**Task brief:**
Could the records below please be retyped exactly, with their pictures left out?

**Records for this exercise:**
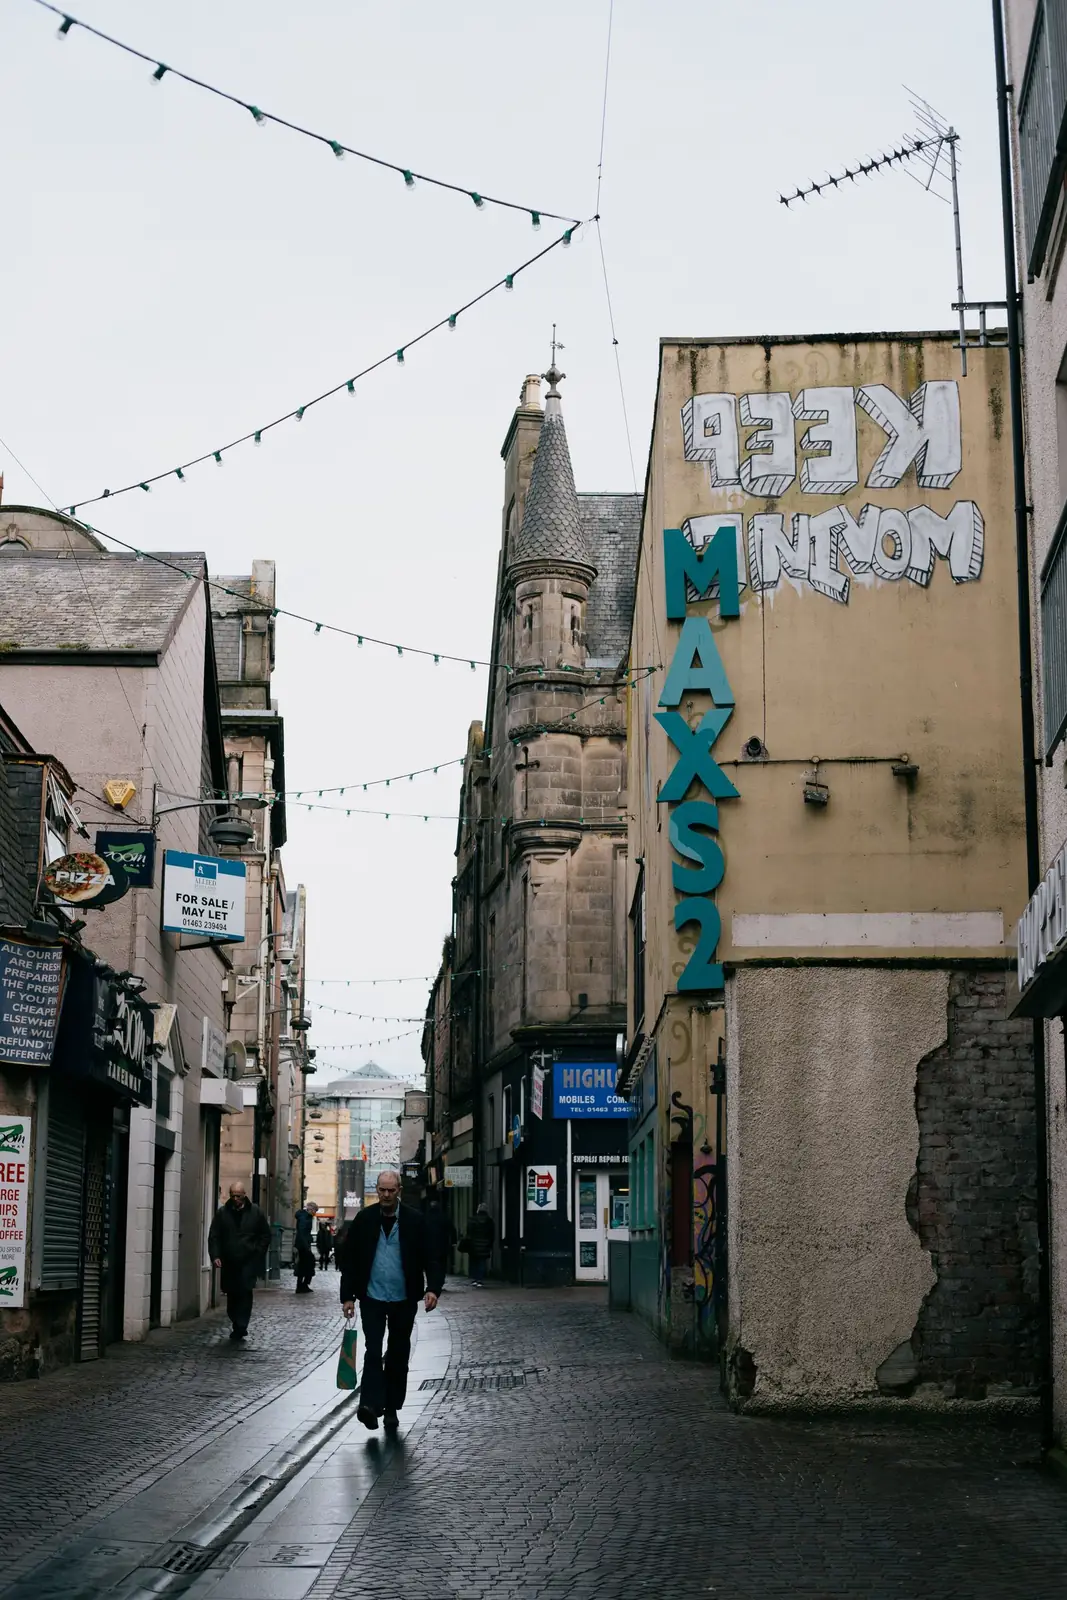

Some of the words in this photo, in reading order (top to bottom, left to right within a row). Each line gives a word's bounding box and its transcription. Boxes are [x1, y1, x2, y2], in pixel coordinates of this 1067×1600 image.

[55, 871, 116, 886] PIZZA
[175, 893, 198, 905] FOR
[201, 897, 228, 909] SALE
[182, 906, 205, 918] MAY
[208, 910, 229, 921] LET
[183, 918, 203, 928] 01463
[204, 921, 227, 931] 239494
[1, 944, 23, 956] ALL
[26, 950, 51, 960] OUR
[9, 957, 33, 970] ARE
[4, 967, 58, 982] PREPARED
[2, 978, 24, 989] THE
[6, 990, 16, 999] IF
[19, 992, 45, 1004] YOU
[12, 1026, 28, 1036] WE
[31, 1028, 54, 1039] WILL
[0, 1036, 44, 1049] REFUND
[559, 1095, 595, 1104] MOBILES
[573, 1155, 598, 1163] EXPRESS
[598, 1155, 620, 1163] REPAIR
[0, 1188, 20, 1201] RGE
[2, 1218, 17, 1228] TEA

**Finished exercise:**
Some of the words in this photo, in reading order (top to bottom, left to right within a row). Each line gives a word's bounding box and its transcription. Boxes are [x1, y1, x2, y2], in pixel coordinates of this 1067×1600 image.

[55, 871, 116, 886] PIZZA
[175, 893, 198, 905] FOR
[201, 897, 228, 909] SALE
[182, 906, 205, 918] MAY
[208, 910, 229, 921] LET
[183, 918, 203, 928] 01463
[204, 921, 227, 931] 239494
[1, 944, 23, 956] ALL
[26, 950, 51, 960] OUR
[9, 957, 33, 970] ARE
[4, 967, 58, 982] PREPARED
[2, 978, 24, 989] THE
[6, 990, 16, 999] IF
[19, 992, 45, 1004] YOU
[12, 1026, 28, 1036] WE
[31, 1028, 54, 1039] WILL
[0, 1036, 44, 1049] REFUND
[559, 1095, 595, 1104] MOBILES
[573, 1155, 598, 1163] EXPRESS
[598, 1155, 620, 1163] REPAIR
[0, 1188, 20, 1201] RGE
[2, 1218, 17, 1228] TEA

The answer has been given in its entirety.